Abstract

The process of primary charge separation in Ru-based dye-sensitized solar cells (DSSCs) based on both TiO2 and ZnO photoanodes has been studied in fully working devices by time-resolved measurements, including emission and transient absorption (from femtoseconds to microseconds), and electrochemical techniques (current–voltage characteristics and impedance spectroscopy). By studying the effect of different electrolyte compositions using potential-determining additives (Li+ ions, 4-tert-butylpiridine), we have been able to provide novel insights into the mechanisms of electron injection and dye regeneration across the oxide/dye/electrolyte system.
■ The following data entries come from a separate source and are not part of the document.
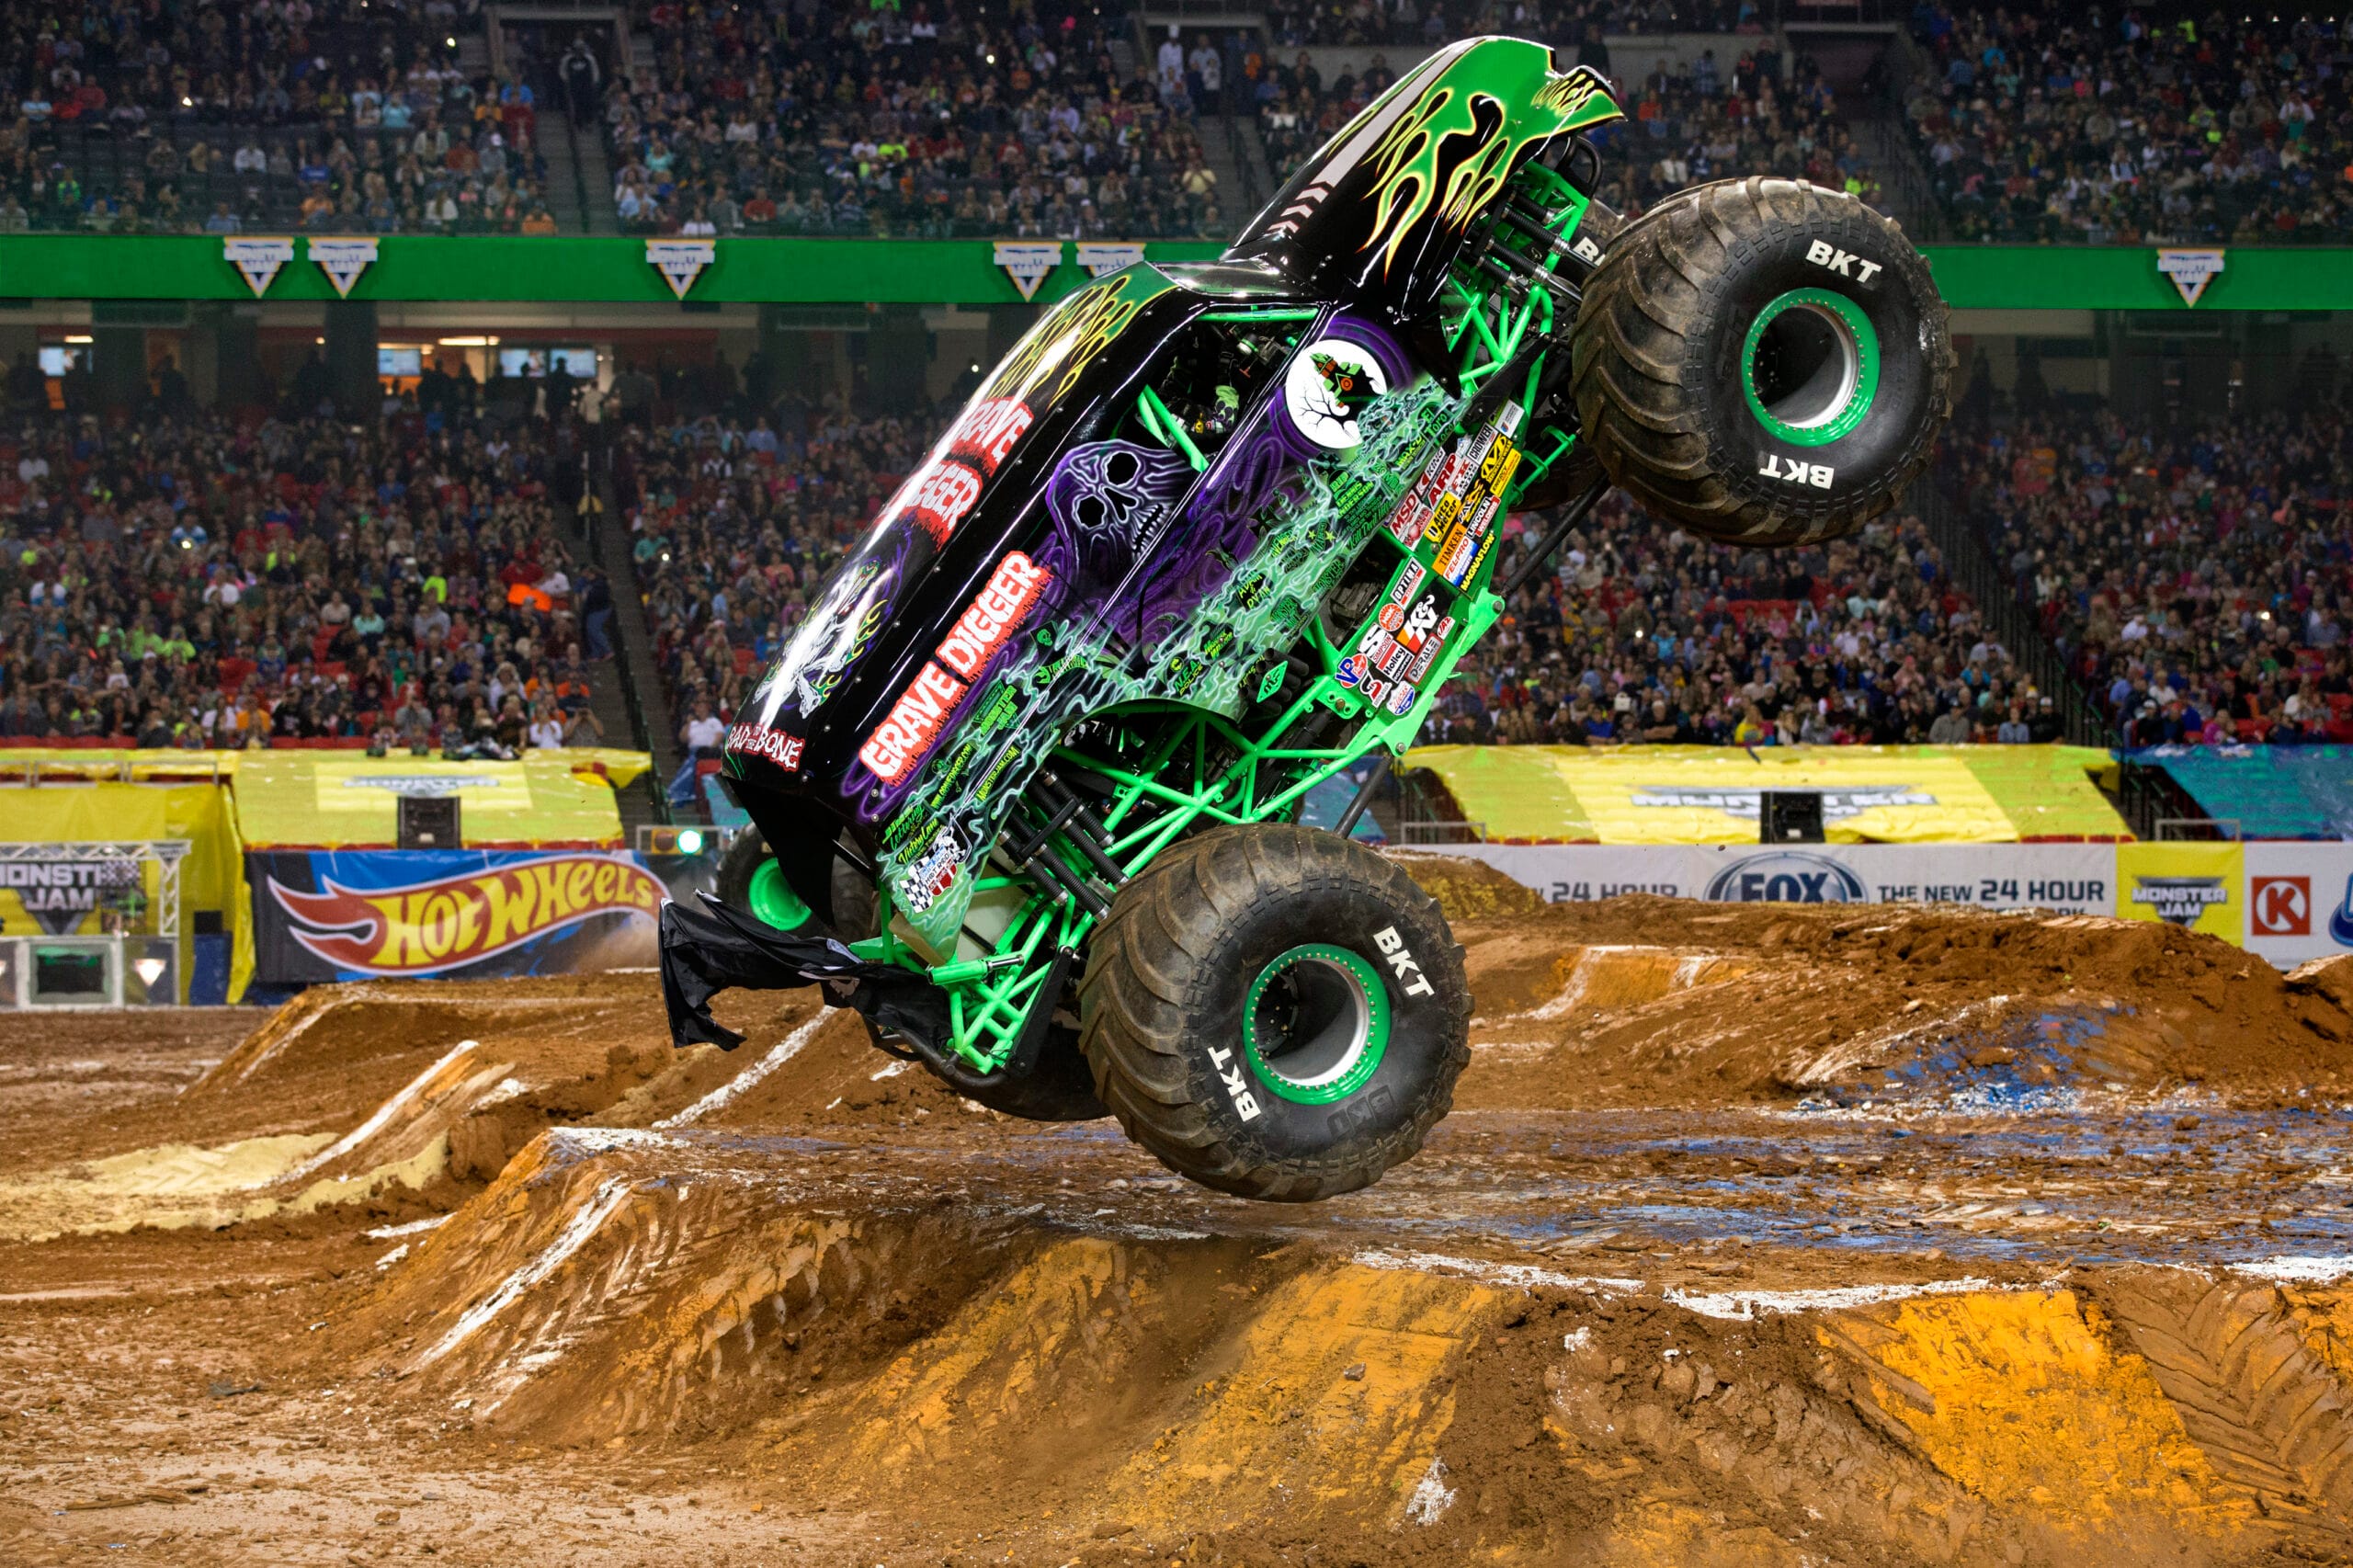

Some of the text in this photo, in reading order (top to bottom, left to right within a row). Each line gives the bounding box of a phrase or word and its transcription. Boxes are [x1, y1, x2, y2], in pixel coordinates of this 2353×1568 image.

[1805, 239, 1882, 283] BKT
[951, 399, 1034, 465] RAVE
[1468, 423, 1493, 460] CROWER
[1427, 448, 1444, 477] KING
[1427, 452, 1457, 506] ARP
[1759, 454, 1835, 490] BKT
[901, 461, 981, 531] GGER
[1392, 492, 1417, 535] MSD
[1467, 498, 1491, 537] LINCOLN
[1477, 500, 1498, 533] WELDERS
[1438, 528, 1463, 567] TIMKEN
[1460, 531, 1495, 591] MAGNAFLOW
[1393, 561, 1418, 600] OPTIMA
[864, 552, 1042, 778] GRAVE DIGGER
[1372, 633, 1392, 663] SIMPSON
[1383, 646, 1405, 676] Holley
[1410, 639, 1438, 679] DERALE
[1178, 664, 1203, 696] POLICE
[1336, 655, 1359, 684] VP
[724, 725, 749, 750] BAD
[753, 728, 802, 768] BONE
[0, 862, 103, 887] ONST
[1552, 881, 1591, 902] 24
[1740, 872, 1829, 903] FOX
[1877, 879, 2105, 902] THE NEW 24 HOUR
[26, 888, 95, 911] JAM
[2131, 887, 2228, 903] MONSTER
[2158, 903, 2202, 917] JAM
[368, 889, 485, 966] HOT
[1372, 926, 1436, 998] BKT
[1208, 1045, 1263, 1122] BKT
In this respect, the shift of the conduction band that is commonly reported for TiO2 in the presence of additives is not observed for ZnO. In addition, both injection and regeneration for ZnO-based cells are shown to be much slower than those for TiO2 and independent of the electrolyte composition. The slower injection and regeneration for ZnO and its lower sensitivity with respect to the addition of potential-determining additives strongly suggest that the electrical nature of the oxide is crucial to facilitate charge separation across the oxide/dye/electrolyte interface. In addition, electron injection from singlet and triplet states has been identified for both metal oxides. The former process occurs on the ultrafast time scale (<100 fs), while the latter extends over many time scales from single ps to single ns. The present work provides novel insights about the processes of electron injection and dye regeneration in DSSCs as well as the reasons for the lower performance of ZnO-based dye solar cells.